Section 129 (C) of the Chhattisgarh Gram Panchayat Act, in keeping with the model of self-governance mandated by the Panchayats (Extension to Scheduled Areas) Act 1996 (PESA), that “the Gram Sabha shall have the power to safeguard and preserve the traditions and customs of the people, their cultural identity and community resources and customary mode of dispute resolution.” Instigated by the Bajrang Dal and VHP, this provision is being used to equate adivasi customs and culture with the Hindu religion and prohibit non-Hindu practices. Section 55 of the same Act has provisions to prevent land alienation in Scheduled Areas, stipulating that prior permission of the panchayat is needed to build new houses, change the design of houses and so on. This too is being misused to withhold permission for construction of churches, community bhawans and so on. The Bilaspur High Court on 16th October 2015 struck down such interpretations, ordering that “the impugned resolution shall not come in (sic) exercise of fundamental right to preach and propagate of (sic) religion and their faith” (W.P.(C.)No.1759 of 2014 CG Christian Forum and others Vs. State of CG and others).

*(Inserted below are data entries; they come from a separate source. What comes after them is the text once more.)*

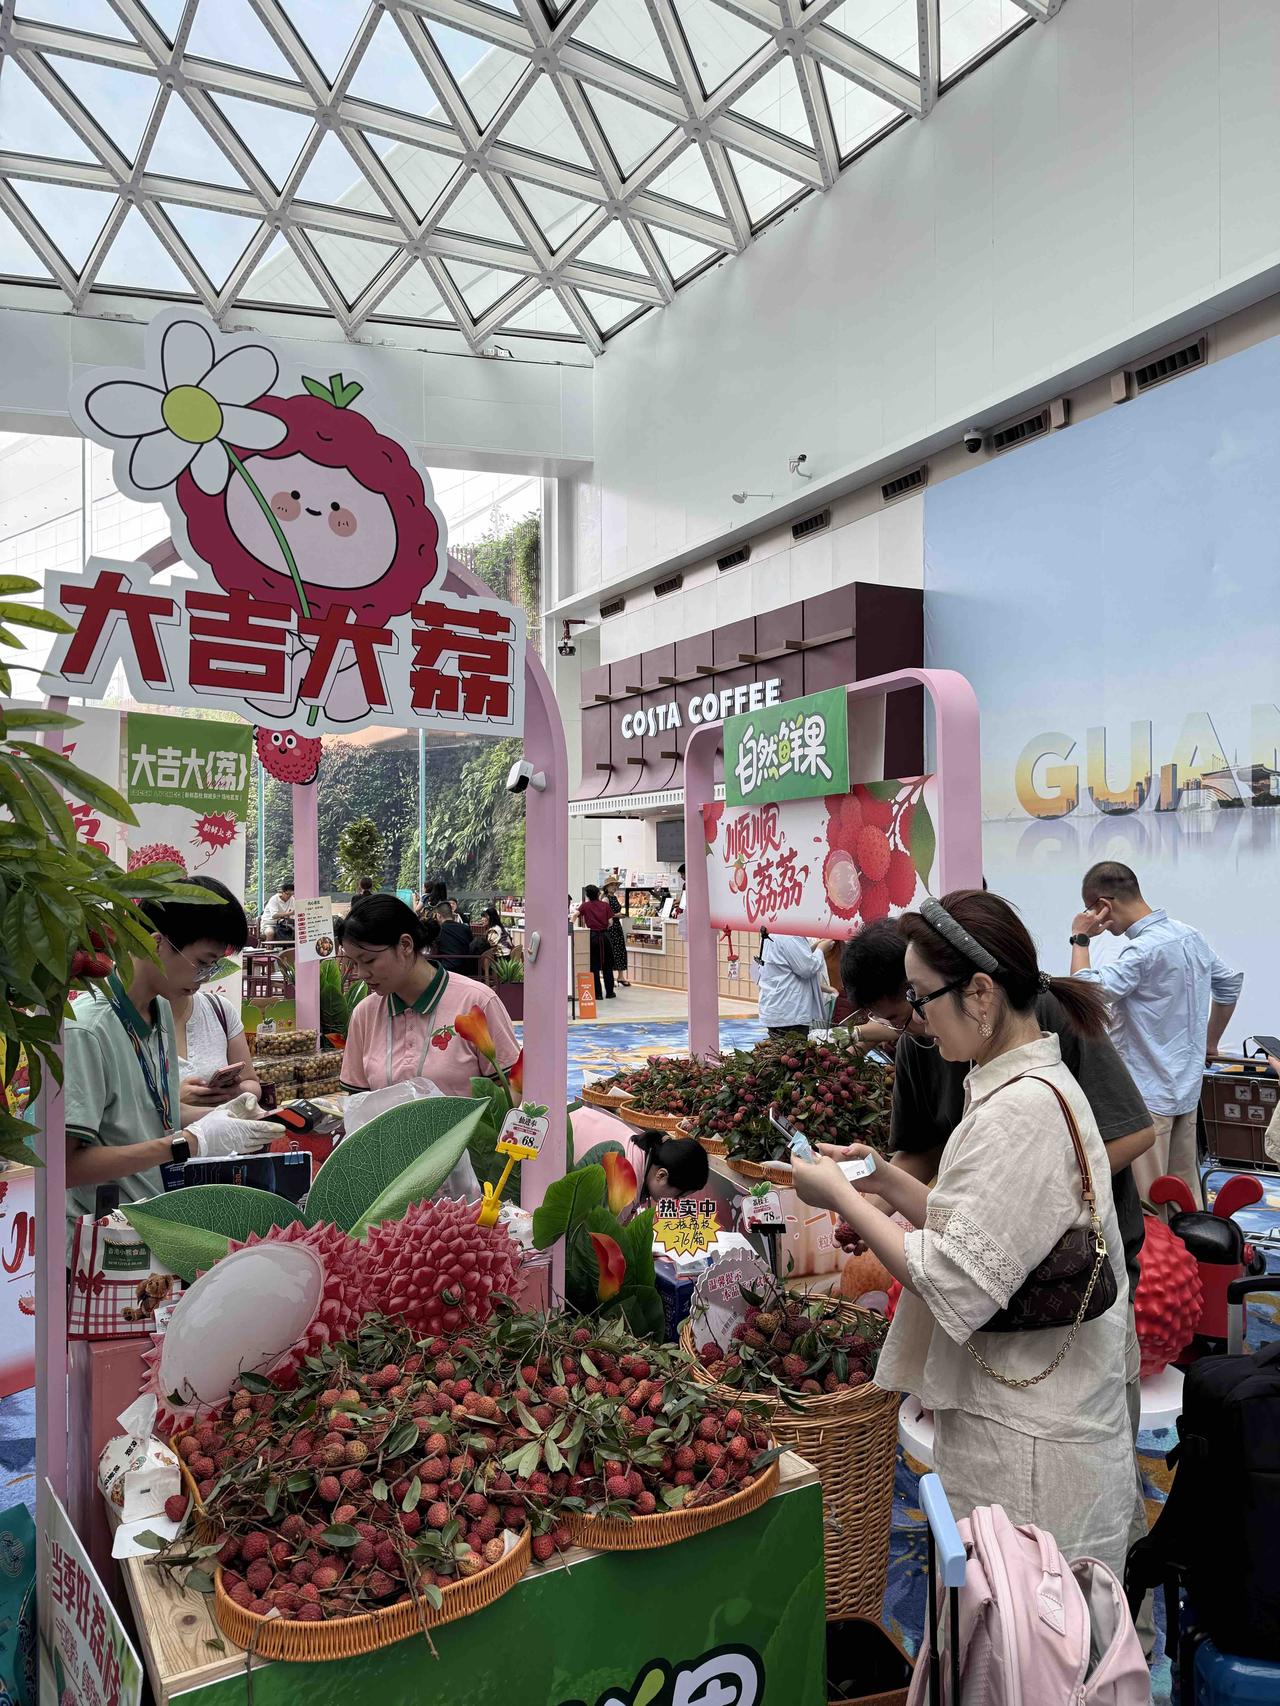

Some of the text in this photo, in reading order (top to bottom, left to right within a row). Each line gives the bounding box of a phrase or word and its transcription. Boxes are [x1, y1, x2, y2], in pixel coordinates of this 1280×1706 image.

[60, 571, 512, 720] 大吉大荔
[621, 678, 782, 739] COSTA COFFEE
[735, 714, 833, 797] 自然鲜果
[522, 1135, 535, 1147] 68
[659, 1198, 716, 1218] 热卖中
[764, 1211, 775, 1222] 78
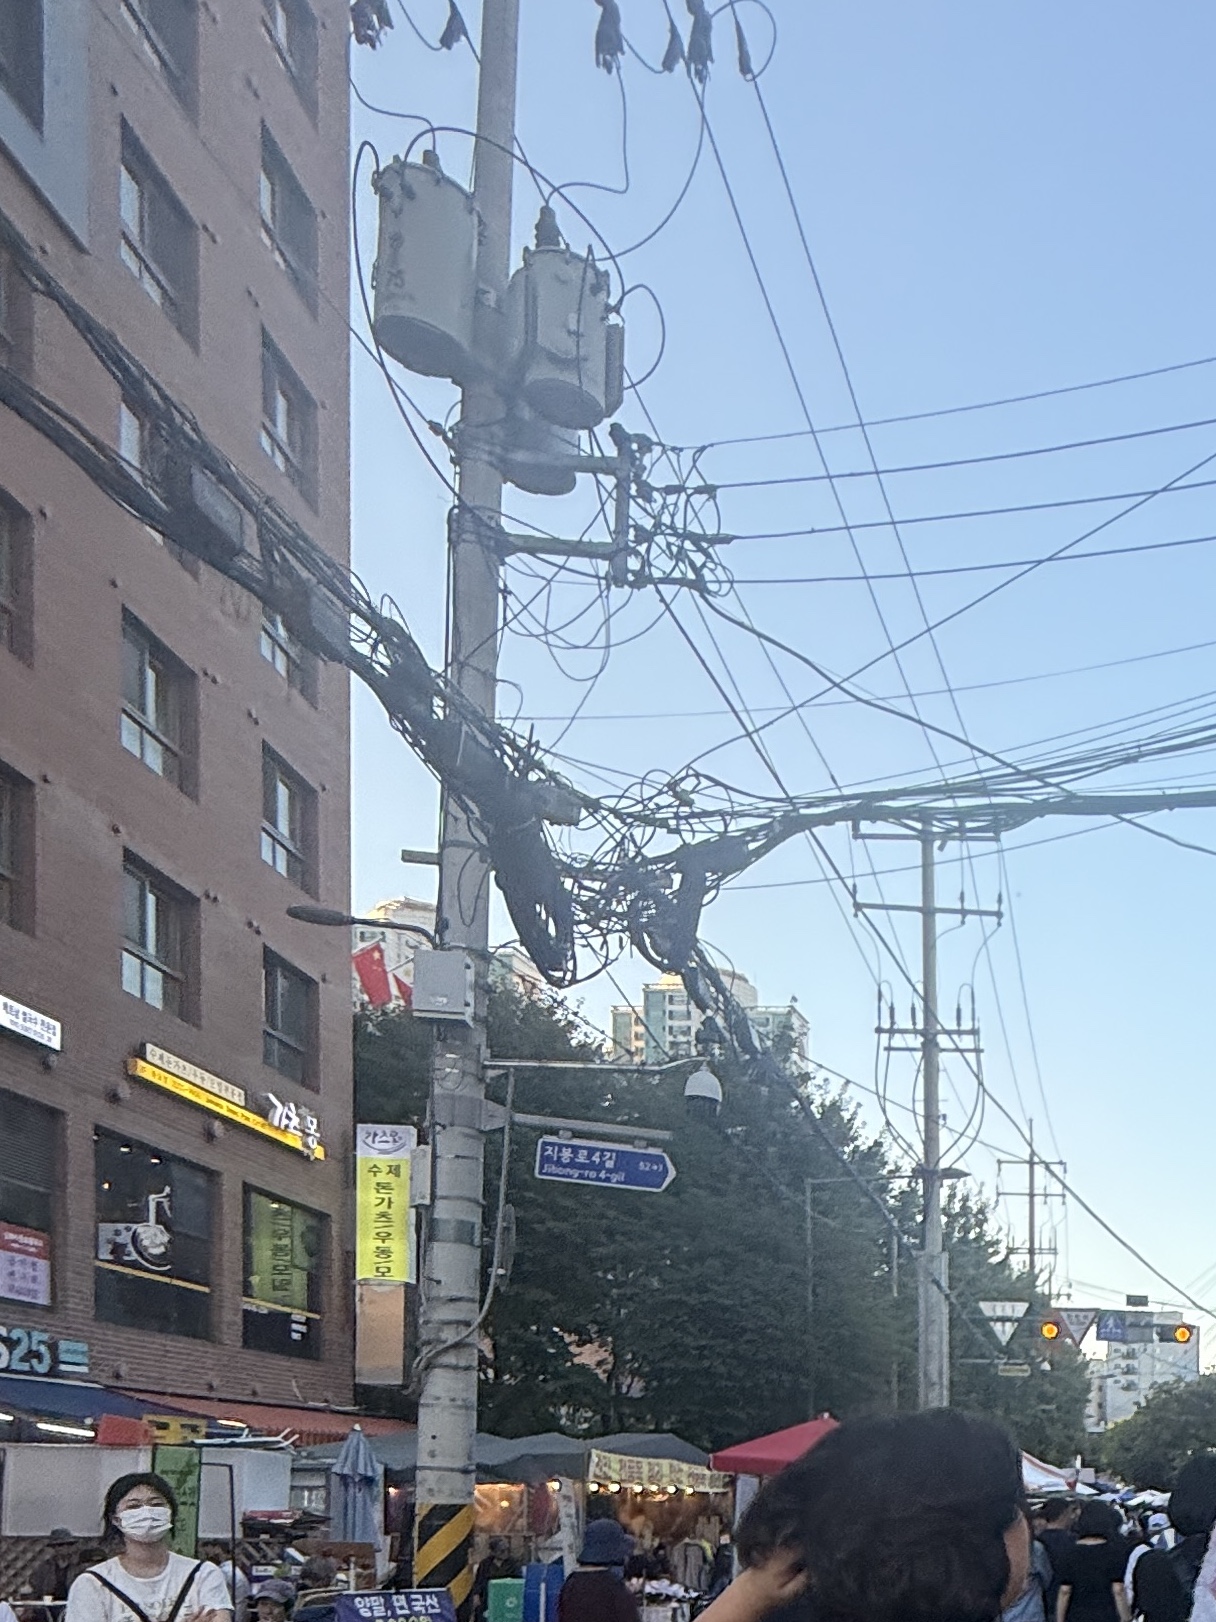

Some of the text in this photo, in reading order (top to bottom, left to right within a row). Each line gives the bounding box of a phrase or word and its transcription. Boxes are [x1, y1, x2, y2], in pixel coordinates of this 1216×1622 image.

[543, 1145, 617, 1169] 지봉로4길
[367, 1164, 401, 1178] 수제
[541, 1163, 626, 1183] Jibong-ro 4-gil
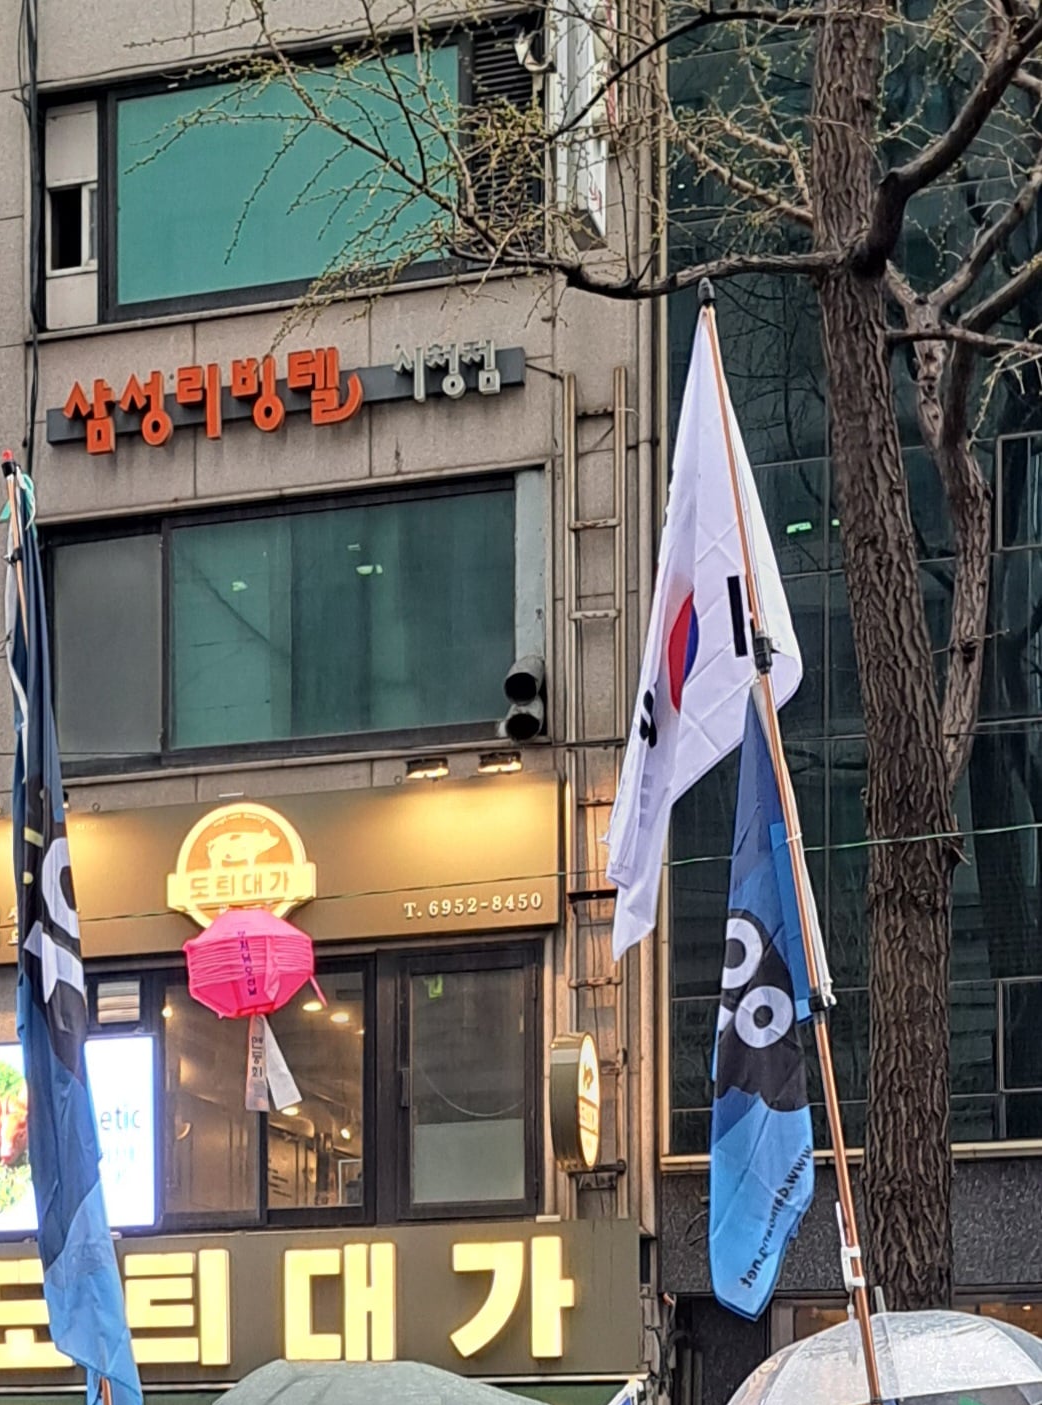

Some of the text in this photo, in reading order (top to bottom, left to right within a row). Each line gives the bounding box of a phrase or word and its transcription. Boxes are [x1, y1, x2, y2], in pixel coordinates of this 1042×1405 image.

[62, 339, 501, 455] 삼성리빙텔 시청점
[429, 892, 542, 917] 6952-8450
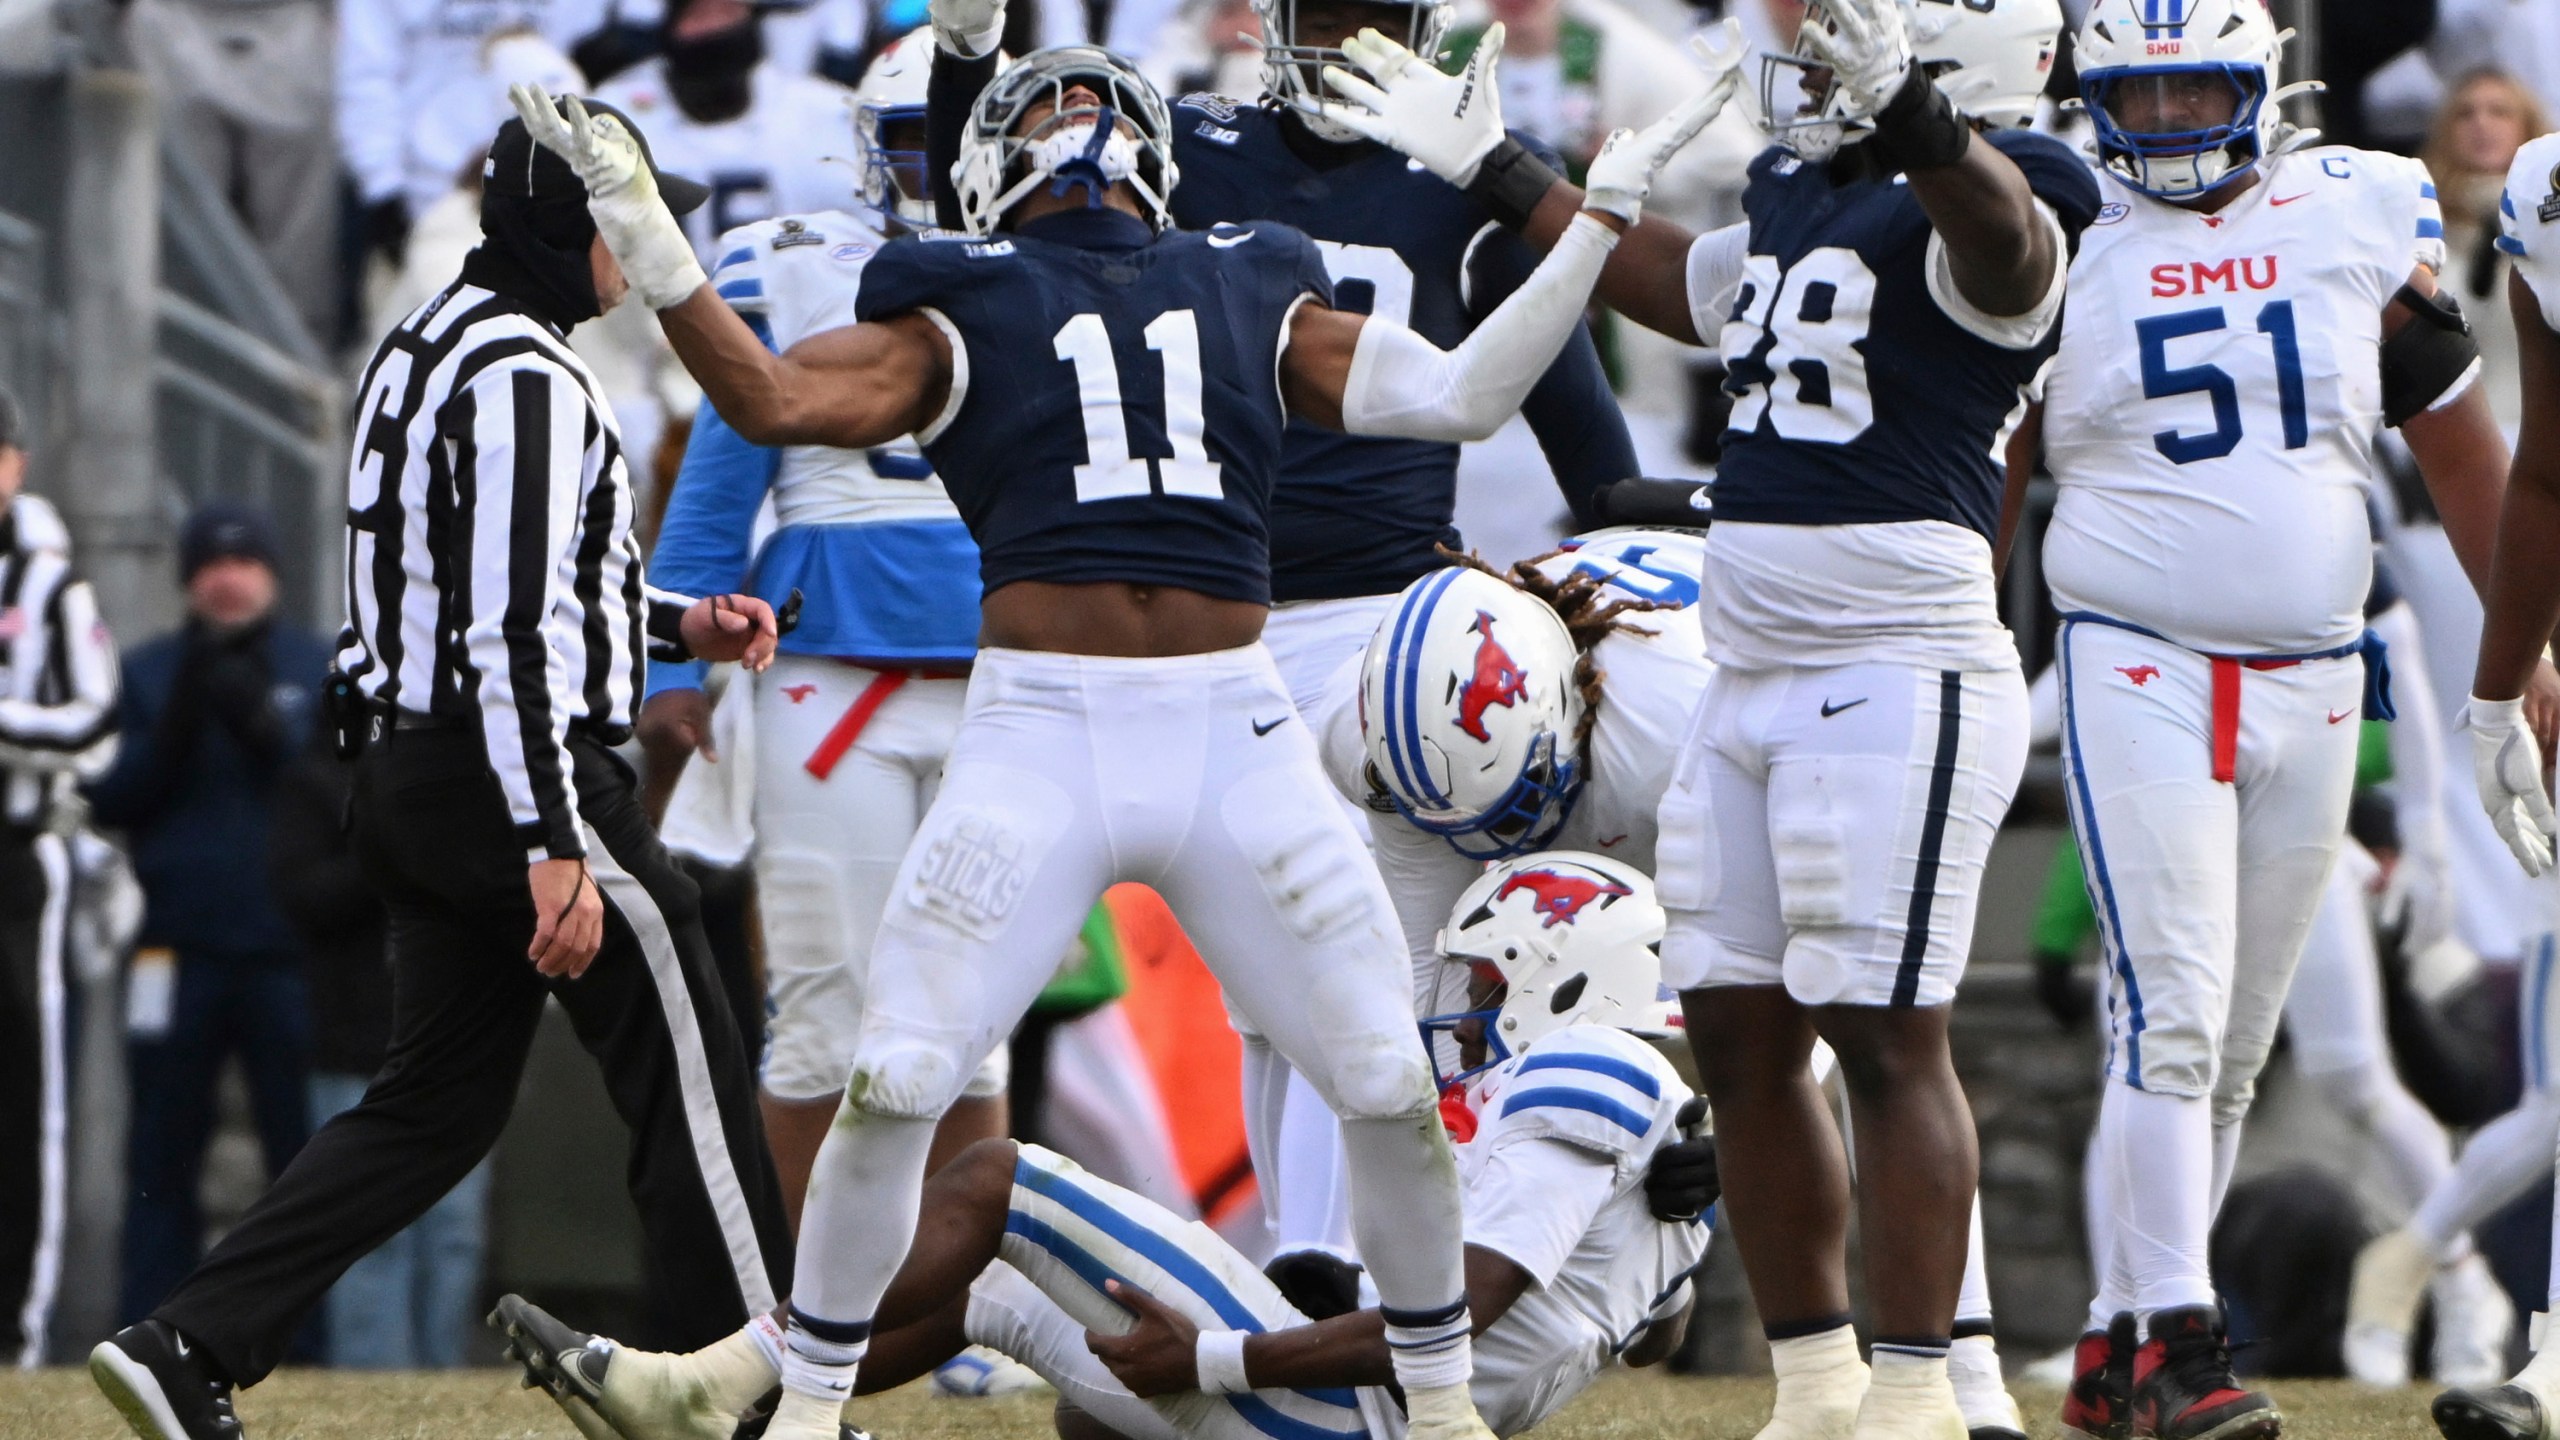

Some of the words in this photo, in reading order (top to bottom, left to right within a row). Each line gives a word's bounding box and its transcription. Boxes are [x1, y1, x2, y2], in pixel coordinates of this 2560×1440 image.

[2146, 43, 2180, 55] SMU
[2320, 157, 2351, 179] C
[2151, 255, 2277, 297] SMU
[1053, 308, 1225, 503] 11
[2135, 299, 2308, 466] 51
[918, 840, 1022, 918] STICKS

It is pertinent to quote, here, from the relevant Section (2.11.4) on the spirit of PESA in the Report of the Expert Group of the Planning Commission on ‘Development Challenges in Extremist Affected Areas’:

“Section 4 (a) of PESA mandates that State legislation on the Panchayats... ‘shall be in consonance with the customary law, social and religious practices and traditional management practices of community resources’. However, it is obvious that the Provisions of the Constitution and individual and community rights provided in other relevant laws of the Centre and states are relevant and their spirit and purpose should have primacy. Justice related issue of criminal, social and welfare spheres would be binding on traditional and customary bodies and also on GS (gram sabha) in SA (Scheduled Areas). Human rights and Constitutional values are sacrosanct and nothing that the traditional and customary bodies do or practice shall be against these rights and values.”

It is evident from the testimonies that the role of the police and administration is extremely lax. On some occasions the police have openly sided with the Bajrang Dal, refusing to protect the Christians. On one occasion the police and administration even failed to turn up having convened a gathering of Hindus and Christians, and possibly informed the Bajrang Dal that they would not turn up, thus setting the scene for organized mob violence against the Christians. On the occasions where the district administration and police have intervened, it has not been to enforce the rule of law and uphold the Constitution and arrest the Bajrang Dal mischief makers; rather the ineffectual mode of ‘dispute resolution’ has been adopted.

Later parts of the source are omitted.